Click Stop Marklogic Server.
2. Once the server is stopped, you can uninstall Marklogic package by performing the following
action based on the platform in which you are running:
Platform
Perform the following:
Windows
Use the Add/Remove Programs Control Panel to uninstall Marklogic.
Red
Linux
As the root user, enter the following command:
Hat
rpm -e Marklogic
Sun Solaris
As the root user, enter the following command:
pkgrm Marklogic
Mac OS X
No action is necessary when upgrading.
If you want to remove the user data and do a fresh install, then remove the
following directory:
~/Library/Application Support/Marklogic/Data
To entirely remove Marklogic, remove the following directories:
~/Library/Marklogic
~/Library/Application Support/Marklogic
~/Library/StartupItems/Marklogic
~/Library/PreferencePanes/Marklogic.prefPane
To make Mac OS X completely forget it ever had a Marklogic installation, run
the following command from a terminal window:
sudo pkgutil --forget com.Marklogic.server
3. Using this procedure to remove Marklogic from your system will not remove user data
(configuration information, XQuery files used by HTTP or XDBC servers, or forest content). This
data is left in place to simplify the software upgrade process. If you wish to remove the user data,
you must do so manually using standard operating system commands.

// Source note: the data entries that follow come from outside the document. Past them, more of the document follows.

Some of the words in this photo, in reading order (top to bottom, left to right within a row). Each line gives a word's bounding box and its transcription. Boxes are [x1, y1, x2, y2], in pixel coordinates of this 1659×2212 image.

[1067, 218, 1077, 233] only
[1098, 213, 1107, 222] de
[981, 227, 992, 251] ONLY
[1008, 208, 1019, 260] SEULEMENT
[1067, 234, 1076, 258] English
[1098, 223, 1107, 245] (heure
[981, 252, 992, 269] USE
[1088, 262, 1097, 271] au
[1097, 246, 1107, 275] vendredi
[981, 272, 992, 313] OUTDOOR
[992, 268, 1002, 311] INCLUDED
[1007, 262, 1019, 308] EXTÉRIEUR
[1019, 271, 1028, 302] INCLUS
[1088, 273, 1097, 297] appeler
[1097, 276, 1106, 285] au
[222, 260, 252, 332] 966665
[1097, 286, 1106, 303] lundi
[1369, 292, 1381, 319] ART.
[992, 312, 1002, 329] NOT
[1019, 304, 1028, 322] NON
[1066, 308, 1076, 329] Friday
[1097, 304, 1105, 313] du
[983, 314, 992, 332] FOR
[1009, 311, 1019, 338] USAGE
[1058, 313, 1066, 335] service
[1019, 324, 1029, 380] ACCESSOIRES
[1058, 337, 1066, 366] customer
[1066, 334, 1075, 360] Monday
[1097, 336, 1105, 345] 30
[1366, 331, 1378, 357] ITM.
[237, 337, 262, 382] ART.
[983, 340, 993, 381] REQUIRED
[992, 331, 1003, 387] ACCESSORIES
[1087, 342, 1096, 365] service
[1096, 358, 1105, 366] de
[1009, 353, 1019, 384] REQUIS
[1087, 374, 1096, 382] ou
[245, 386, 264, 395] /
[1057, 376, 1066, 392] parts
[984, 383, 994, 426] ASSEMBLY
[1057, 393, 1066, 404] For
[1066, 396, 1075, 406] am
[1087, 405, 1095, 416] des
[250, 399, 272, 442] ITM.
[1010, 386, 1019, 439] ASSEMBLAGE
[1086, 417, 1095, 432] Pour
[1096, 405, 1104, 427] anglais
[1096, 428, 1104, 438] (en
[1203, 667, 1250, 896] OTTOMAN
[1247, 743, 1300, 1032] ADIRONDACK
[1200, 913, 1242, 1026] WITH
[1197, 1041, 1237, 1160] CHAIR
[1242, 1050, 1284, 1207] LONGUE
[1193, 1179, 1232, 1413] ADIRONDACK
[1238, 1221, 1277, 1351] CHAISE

Database Definition and Manipulation:
Creating a New Database
Follow the following steps to create a new database.
1. Click the Databases icon in the left tree menu.
2. Click the Create tab at the top right. The Create Database page displays:
3. Enter the name of the database. This is the name the system will use to refer to this database.
4. Select a security database to be associated with this database. We recommend selecting Security
as the security database.
5. Select a schema database to be associated with this database.
6. You may leave the rest of the parameters unchanged or set them according to your needs.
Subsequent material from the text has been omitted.